Chapter 10:
An Adventurer’s Twisted Fate: The Lost Heir
The moment we stepped into the great hall, I felt it.
Not pressure. Not dread.
Something subtler — like the air was too still. Too measured.
A man stood at the far end beneath the arching windows, hands folded neatly behind his back. His coat was jet black, traced with golden embroidery that shimmered faintly in the morning light. His blondish-yellow hair caught every glint, though it was his eyes that held me — brown, warm, but calculating. Like he was always three steps ahead in a conversation he hadn’t started yet.
He turned toward us and offered a short, elegant bow.
“Arthur. Rias.” His voice was refined, calm, and smooth. “I’m glad to finally meet you both. I am Count Leto Halia of House Halia.”
I didn’t reply at first. I felt Rias shift beside me, one hand gently gripping my sleeve. She could sense it too — something about this man didn’t belong to the world we were used to.
Leto continued, unbothered. “I received Duke Durak’s message just in time. I was already en route to Wolfhiem when his messenger found me.”
He studied me with interest. “You have your father’s eyes. Orpheus was… memorable.”
“Did you know him?” I asked.
“Well enough,” he said, cryptic. “But today is not about the past. It’s about preparing for your future.”
He stepped toward us, slow and composed, his hands still behind his back.

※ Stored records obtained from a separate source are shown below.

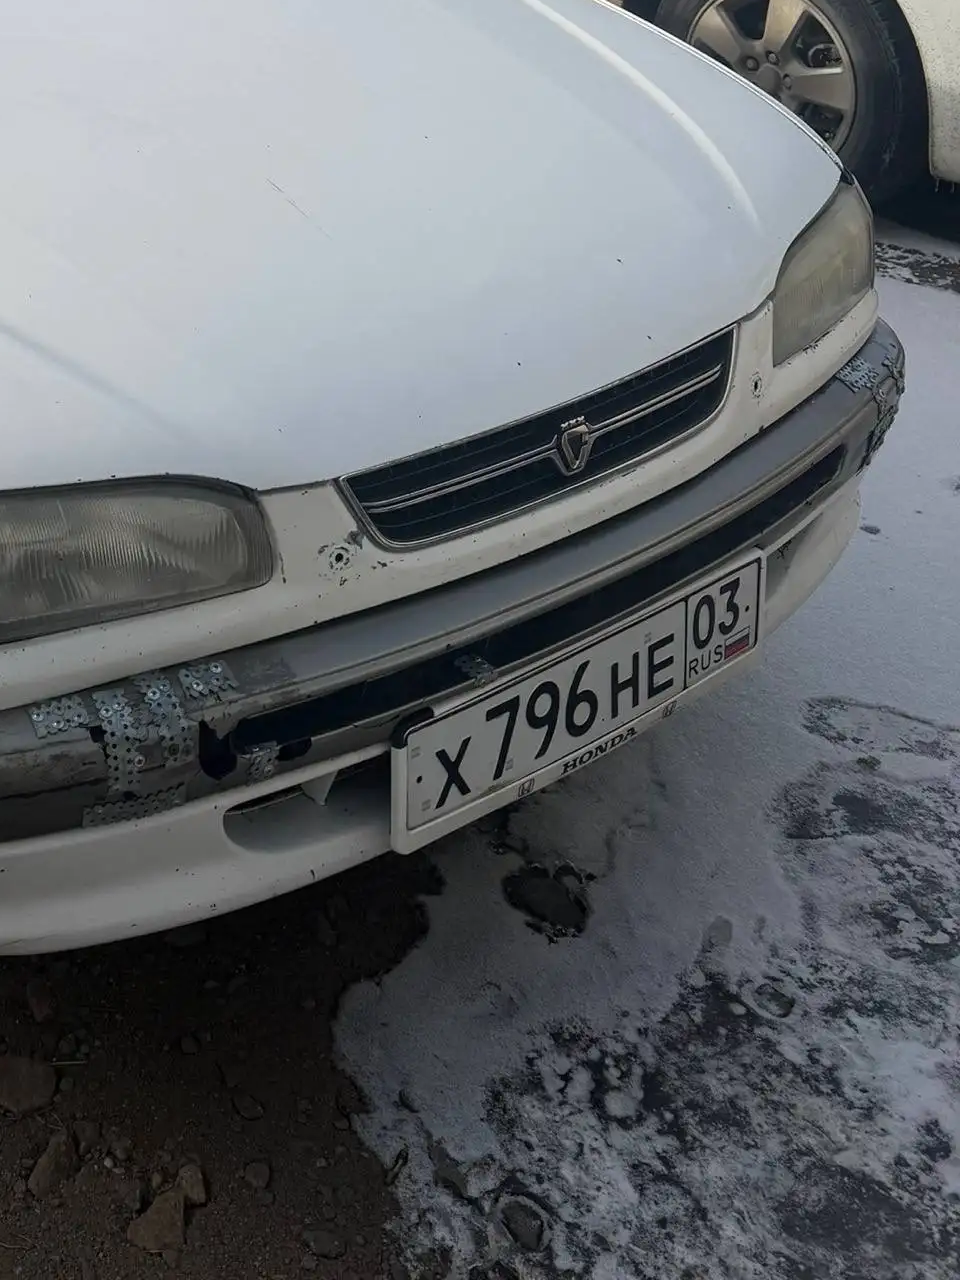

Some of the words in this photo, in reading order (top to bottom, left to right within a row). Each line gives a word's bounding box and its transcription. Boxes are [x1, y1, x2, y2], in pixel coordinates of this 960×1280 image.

[693, 577, 741, 650] 03
[688, 644, 724, 679] RUS
[561, 727, 638, 776] HONDA
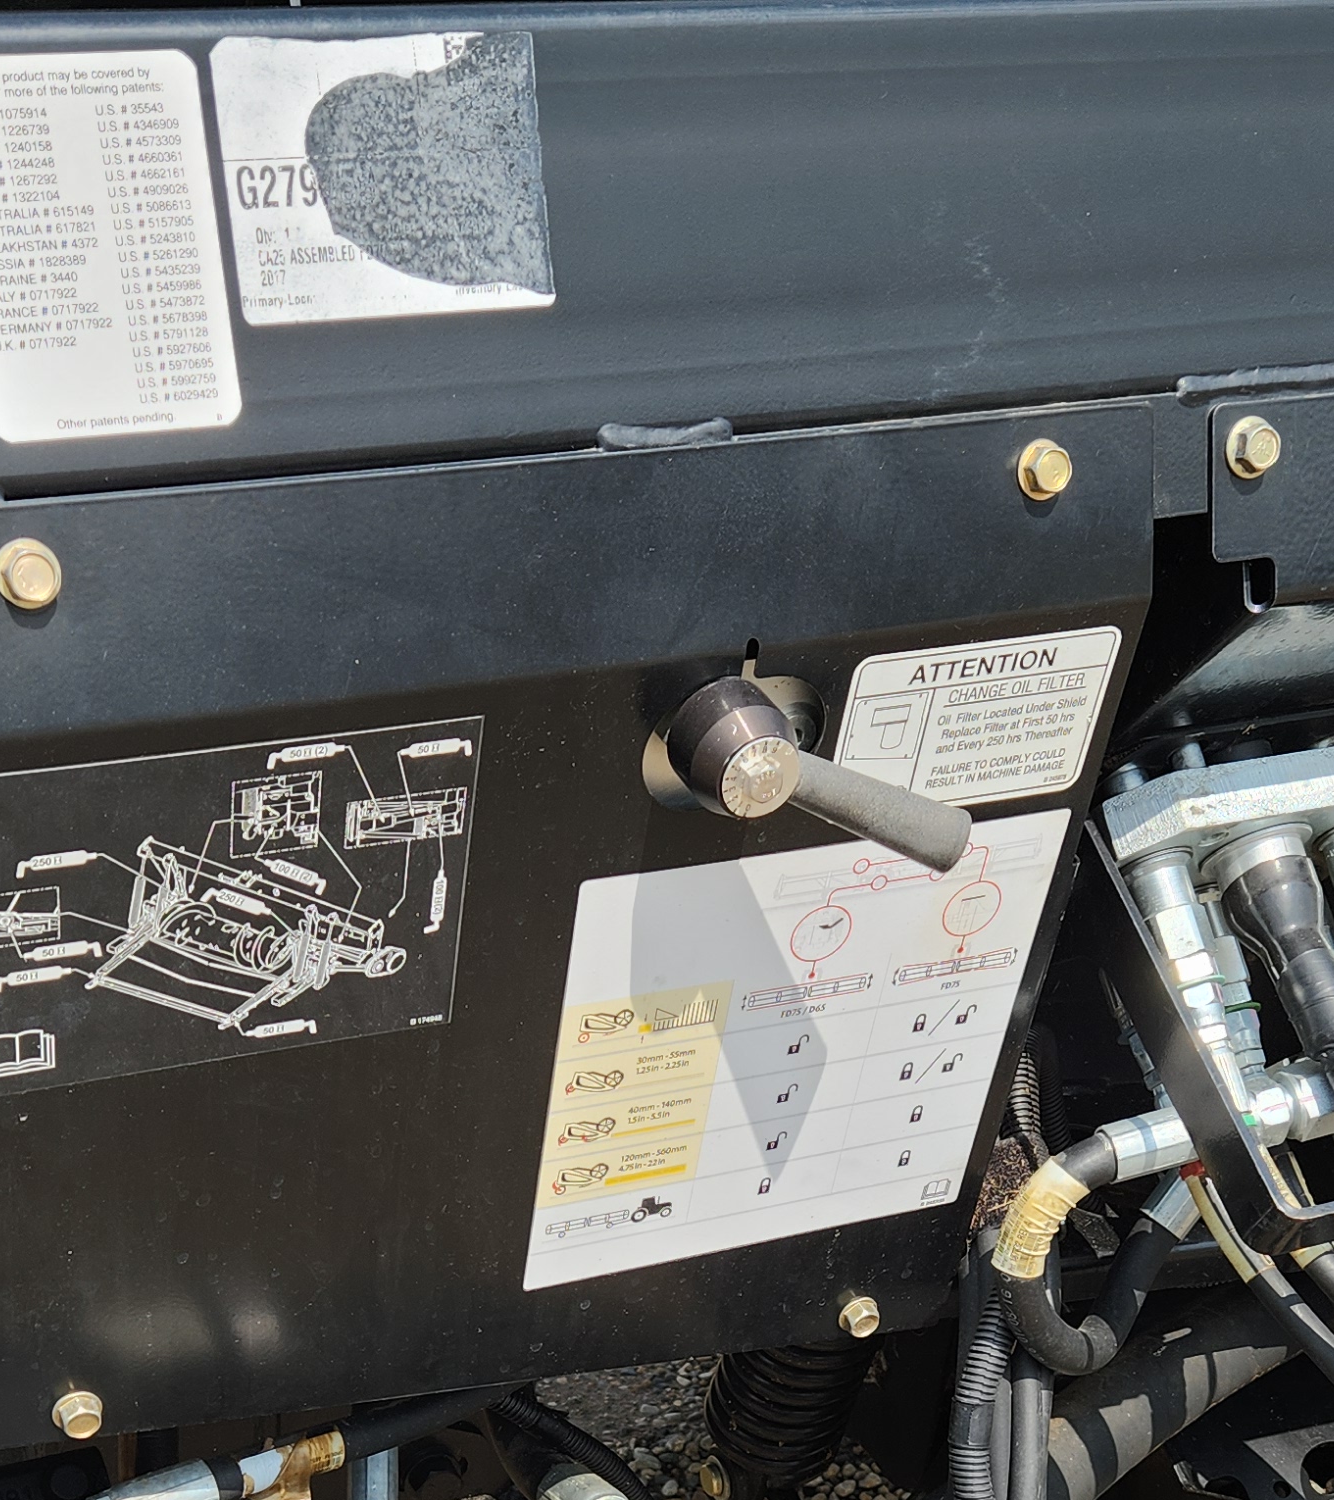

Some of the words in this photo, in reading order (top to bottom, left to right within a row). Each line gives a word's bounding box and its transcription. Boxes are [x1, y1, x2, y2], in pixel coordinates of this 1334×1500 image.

[1, 70, 44, 84] product
[47, 71, 70, 83] may
[73, 68, 88, 80] be
[90, 67, 134, 79] covered
[136, 66, 149, 79] by
[3, 87, 33, 97] more
[35, 84, 46, 96] of
[49, 84, 67, 96] the
[70, 83, 118, 96] following
[121, 82, 163, 95] patents:
[94, 103, 118, 116] U.S.
[120, 104, 127, 115] #
[130, 102, 163, 114] 35543
[1, 123, 50, 136] 1226739
[97, 119, 120, 132] U.S.
[123, 120, 129, 131] #
[133, 117, 179, 131] 4346909
[4, 140, 52, 152] 1240158
[99, 136, 122, 149] U.S.
[125, 137, 132, 147] #
[135, 134, 181, 146] 4573309
[42, 207, 49, 217] #
[52, 204, 94, 217] 615149
[60, 239, 67, 249] #
[71, 236, 98, 248] 4372
[28, 257, 35, 267] #
[39, 254, 86, 267] 1828389
[289, 246, 355, 265] ASSEMBLED
[40, 273, 47, 283] #
[49, 270, 78, 283] 3440
[56, 418, 86, 429] Other
[89, 415, 129, 429] patents
[132, 412, 173, 425] pending.
[907, 646, 1058, 686] ATTENTION
[947, 681, 1008, 703] CHANGE
[1010, 679, 1033, 694] OIL
[1036, 672, 1085, 691] FILTER
[937, 714, 951, 726] Oil
[955, 711, 982, 724] Filter
[982, 703, 1024, 720] Located
[1025, 700, 1056, 713] Under
[1056, 695, 1087, 709] Shield
[940, 726, 981, 740] Replace
[982, 722, 1009, 733] Filter
[1009, 718, 1020, 730] at
[1021, 715, 1044, 728] First
[1045, 713, 1058, 724] 50
[1058, 712, 1075, 723] hrs
[935, 741, 955, 754] and
[956, 739, 985, 751] Every
[985, 734, 1004, 747] 250
[1005, 733, 1021, 744] hrs
[1024, 726, 1073, 741] Thereafter
[930, 760, 972, 776] FAILURE
[974, 758, 987, 770] TO
[989, 752, 1032, 768] COMPLY
[1032, 747, 1065, 761] COULD
[924, 774, 964, 789] RESULT
[964, 772, 975, 783] IN
[976, 765, 1022, 782] MACHINE
[1022, 758, 1065, 775] DAMAGE
[33, 856, 52, 867] 250
[42, 947, 54, 957] 50
[16, 972, 28, 982] 50
[940, 980, 961, 990] FD75
[636, 1053, 664, 1065] 30mm
[628, 1104, 655, 1115] 40mm
[661, 1097, 692, 1109] 140mm
[620, 1150, 651, 1162] 120mm

“The Dival Magic Academy entrance exam is one month from now. You and your sister lack the formal training most noble children have received since birth. Combat skills can be taught. Mana, practiced. But etiquette, history, general knowledge—”
He tapped his temple. “—that’s much harder to instill in time.”
“Are you going to teach us then?” I asked cautiously.
Rias tilted her head. “In a month?”
Leto nodded. “Precisely. I offer you what few in the world can: direct memory implantation. Also known as memory magic. You will know what you need to know. You’ll pass the exam, blend in among nobles, speak as they do, carry yourselves as if you were born to it.”
“But what’s the catch?” I asked, folding my arms.
He smiled faintly, as if expecting the question. “Pain. Extreme pain. Think of it like carving a book into your brain — every lesson etched into your mind with magical precision. It is not pleasant. And it cannot be rushed.”
“How long?” I asked.
“A week. Any faster, and the mind may fracture. One session per day. Each session more painful than the last — as your mind strains to hold what wasn’t earned.”
He made it sound so precise. So clinical.
But something in his gaze said he’d seen what happens when things go wrong.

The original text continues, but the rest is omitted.